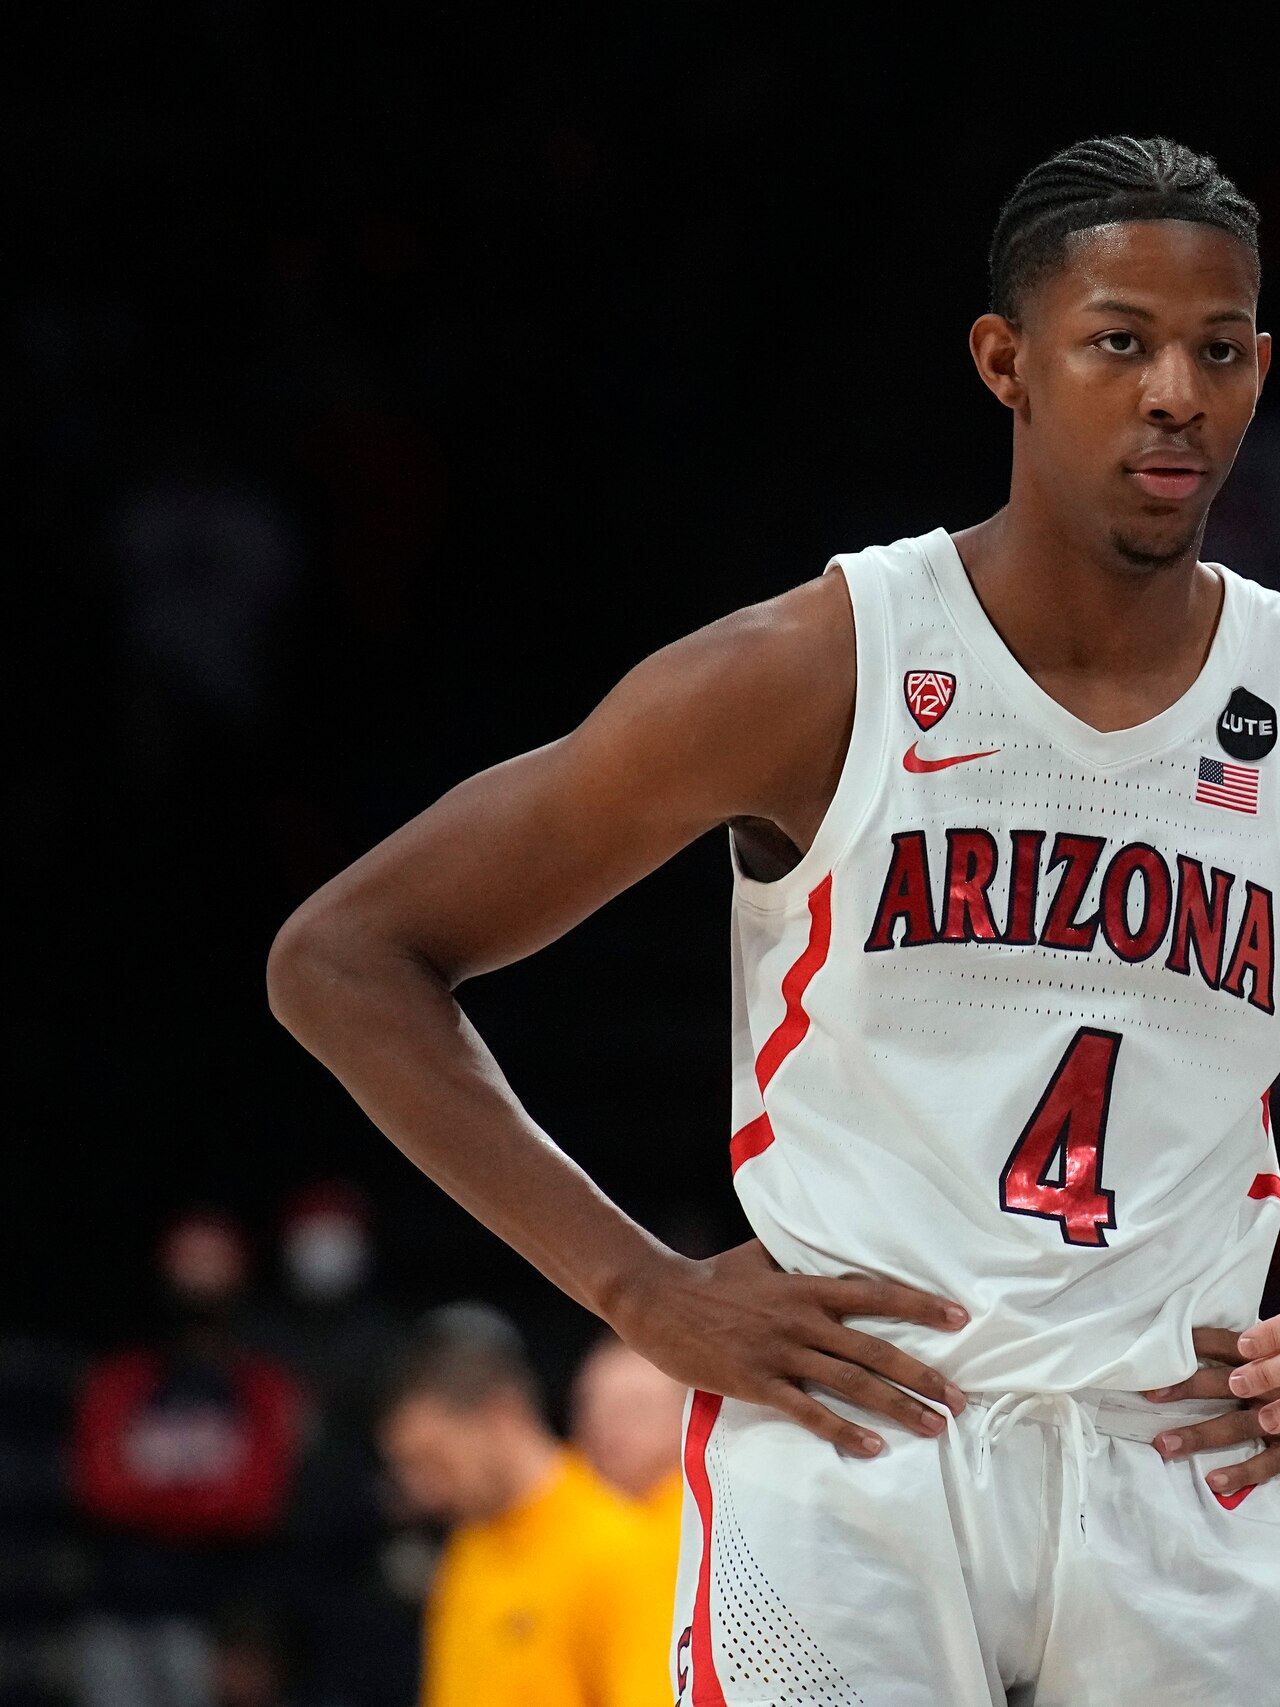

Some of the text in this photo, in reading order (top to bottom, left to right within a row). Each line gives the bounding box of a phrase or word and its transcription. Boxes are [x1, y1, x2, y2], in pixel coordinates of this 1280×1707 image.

[907, 673, 953, 706] PAC
[915, 695, 940, 717] 12
[1222, 710, 1273, 736] LUTE
[864, 828, 1275, 1015] ARIZONA
[1000, 1026, 1122, 1247] 4

——————

- Work task
When copying, output the data exactly and leave out the pictures.

- Expected answer
Some of the text in this photo, in reading order (top to bottom, left to right within a row). Each line gives the bounding box of a phrase or word and its transcription. Boxes are [x1, y1, x2, y2], in pixel coordinates of this 1280×1707 image.

[907, 673, 953, 706] PAC
[915, 695, 940, 717] 12
[1222, 710, 1273, 736] LUTE
[864, 828, 1275, 1015] ARIZONA
[1000, 1026, 1122, 1247] 4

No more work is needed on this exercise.